Fiscal Year 2008 accomplishments so far (October 2007 – August 2008)

  • As of August, ICE made more than 1,000 criminal arrests tied to worksite enforcement investigations.
  • Of the 1,022 individuals criminally arrested, 116 are owners, managers, supervisors or human resources employees facing charges including harboring or knowingly hiring illegal aliens. The remaining workers criminally arrested are facing charges including aggravated identity theft and Social Security fraud.
  • ICE has also made more than 3,900 administrative arrests for immigration violations during worksite enforcement operations.

What can employers do to help ensure they have a legal workforce?

  • The law is clear - employers have an affirmative obligation to verify that their employees are legally able to work in the United States.
  • ICE’s goal is to help those companies that want to obey the law and use our investigative and regulatory authority to stop those companies that do not.
  • ICE seeks to create a culture of compliance by enlisting responsible employers of every size and description in partnerships designed to prevent the hiring of illegal aliens in the first place.

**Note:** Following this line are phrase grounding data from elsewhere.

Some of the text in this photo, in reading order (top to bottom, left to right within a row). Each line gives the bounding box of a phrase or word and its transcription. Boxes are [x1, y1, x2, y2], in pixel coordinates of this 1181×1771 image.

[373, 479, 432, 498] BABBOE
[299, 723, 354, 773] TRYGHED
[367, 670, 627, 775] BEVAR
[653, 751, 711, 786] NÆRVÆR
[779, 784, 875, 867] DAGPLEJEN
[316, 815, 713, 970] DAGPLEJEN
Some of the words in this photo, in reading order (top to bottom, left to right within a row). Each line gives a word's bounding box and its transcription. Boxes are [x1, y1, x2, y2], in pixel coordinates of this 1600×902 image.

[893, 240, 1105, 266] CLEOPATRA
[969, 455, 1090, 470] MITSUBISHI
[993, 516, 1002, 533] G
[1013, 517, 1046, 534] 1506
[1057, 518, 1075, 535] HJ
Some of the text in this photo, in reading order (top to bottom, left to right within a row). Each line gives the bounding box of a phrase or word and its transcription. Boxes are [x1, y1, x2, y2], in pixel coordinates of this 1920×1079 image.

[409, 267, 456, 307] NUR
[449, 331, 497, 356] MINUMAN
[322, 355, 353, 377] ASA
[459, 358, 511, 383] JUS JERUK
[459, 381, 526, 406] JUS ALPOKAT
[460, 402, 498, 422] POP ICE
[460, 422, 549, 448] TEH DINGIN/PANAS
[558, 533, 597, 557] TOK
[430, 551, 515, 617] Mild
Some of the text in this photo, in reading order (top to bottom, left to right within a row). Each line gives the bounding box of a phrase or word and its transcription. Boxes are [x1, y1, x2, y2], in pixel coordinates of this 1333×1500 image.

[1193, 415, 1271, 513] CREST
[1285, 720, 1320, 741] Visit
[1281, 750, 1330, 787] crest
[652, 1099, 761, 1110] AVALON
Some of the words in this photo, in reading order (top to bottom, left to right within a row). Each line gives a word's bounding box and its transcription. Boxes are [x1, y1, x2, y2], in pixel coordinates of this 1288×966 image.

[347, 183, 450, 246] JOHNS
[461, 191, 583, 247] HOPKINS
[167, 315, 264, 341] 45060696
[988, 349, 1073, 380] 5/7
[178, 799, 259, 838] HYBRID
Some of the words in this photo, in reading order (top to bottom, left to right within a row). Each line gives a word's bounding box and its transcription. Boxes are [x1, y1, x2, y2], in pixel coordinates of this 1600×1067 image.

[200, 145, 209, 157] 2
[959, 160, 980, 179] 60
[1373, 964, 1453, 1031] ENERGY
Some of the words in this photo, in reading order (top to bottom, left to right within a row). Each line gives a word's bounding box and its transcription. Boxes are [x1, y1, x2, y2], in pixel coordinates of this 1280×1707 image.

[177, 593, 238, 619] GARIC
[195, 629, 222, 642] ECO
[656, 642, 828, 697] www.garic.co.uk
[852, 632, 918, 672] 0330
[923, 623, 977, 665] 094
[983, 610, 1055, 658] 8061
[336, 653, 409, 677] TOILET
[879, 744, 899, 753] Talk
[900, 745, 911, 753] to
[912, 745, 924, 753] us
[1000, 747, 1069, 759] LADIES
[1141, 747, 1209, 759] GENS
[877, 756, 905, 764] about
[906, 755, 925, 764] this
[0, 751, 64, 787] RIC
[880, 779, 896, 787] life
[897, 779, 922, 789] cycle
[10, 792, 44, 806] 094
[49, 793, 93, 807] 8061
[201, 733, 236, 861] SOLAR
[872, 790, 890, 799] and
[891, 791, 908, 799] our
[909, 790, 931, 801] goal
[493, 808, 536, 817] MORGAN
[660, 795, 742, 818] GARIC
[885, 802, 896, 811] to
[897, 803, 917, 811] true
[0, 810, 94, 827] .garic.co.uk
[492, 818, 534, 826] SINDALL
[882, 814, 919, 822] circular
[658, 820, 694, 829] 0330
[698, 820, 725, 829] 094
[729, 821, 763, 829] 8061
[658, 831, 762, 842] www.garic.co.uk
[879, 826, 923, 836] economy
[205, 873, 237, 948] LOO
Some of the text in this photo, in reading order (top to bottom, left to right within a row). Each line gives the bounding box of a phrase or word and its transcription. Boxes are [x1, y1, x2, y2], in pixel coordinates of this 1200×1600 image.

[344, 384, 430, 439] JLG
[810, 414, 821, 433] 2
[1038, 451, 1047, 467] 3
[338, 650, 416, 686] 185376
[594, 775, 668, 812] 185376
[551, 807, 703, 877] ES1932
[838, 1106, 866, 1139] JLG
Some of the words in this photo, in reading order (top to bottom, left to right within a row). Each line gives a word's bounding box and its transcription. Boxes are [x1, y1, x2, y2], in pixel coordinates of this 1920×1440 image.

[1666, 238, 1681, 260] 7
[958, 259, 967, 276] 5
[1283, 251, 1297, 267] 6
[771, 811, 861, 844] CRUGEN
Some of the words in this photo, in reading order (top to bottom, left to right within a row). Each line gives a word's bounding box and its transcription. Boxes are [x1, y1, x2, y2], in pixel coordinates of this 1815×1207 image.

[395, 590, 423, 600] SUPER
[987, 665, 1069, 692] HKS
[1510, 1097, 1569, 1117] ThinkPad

ICE’s IMAGE Program Assists Employers

  • ICE unveiled the ICE Mutual Agreement between Government and Employers (IMAGE) program in July 2006. ICE recognizes that the majority of employers in this country want to comply with the nation’s immigration laws. Yet, every day employers are confronted with illegal aliens attempting to secure jobs through fraudulent means, including the use of counterfeit documents and stolen identities.
  • IMAGE fosters partnerships between ICE and businesses, promoting the use of screening tools, best practices, and continuing education to determine employment eligibility based on immigration status. The program begins with a self-assessment of hiring practices and helps uncover vulnerabilities to illegal activity that are related to immigration status. Technical tools to screen Social Security numbers and other information on job applicants and existing employees are integrated with best practices to lead to a high level of assurance that all of a participating business’s employees are legally eligible for employment.

U.S. Immigration and Customs Enforcement (ICE) was established in March 2003 as the largest investigative arm of the Department of Homeland Security. ICE is comprised of five integrated divisions that form a 21st century law enforcement agency with broad responsibilities for a number of key homeland security priorities.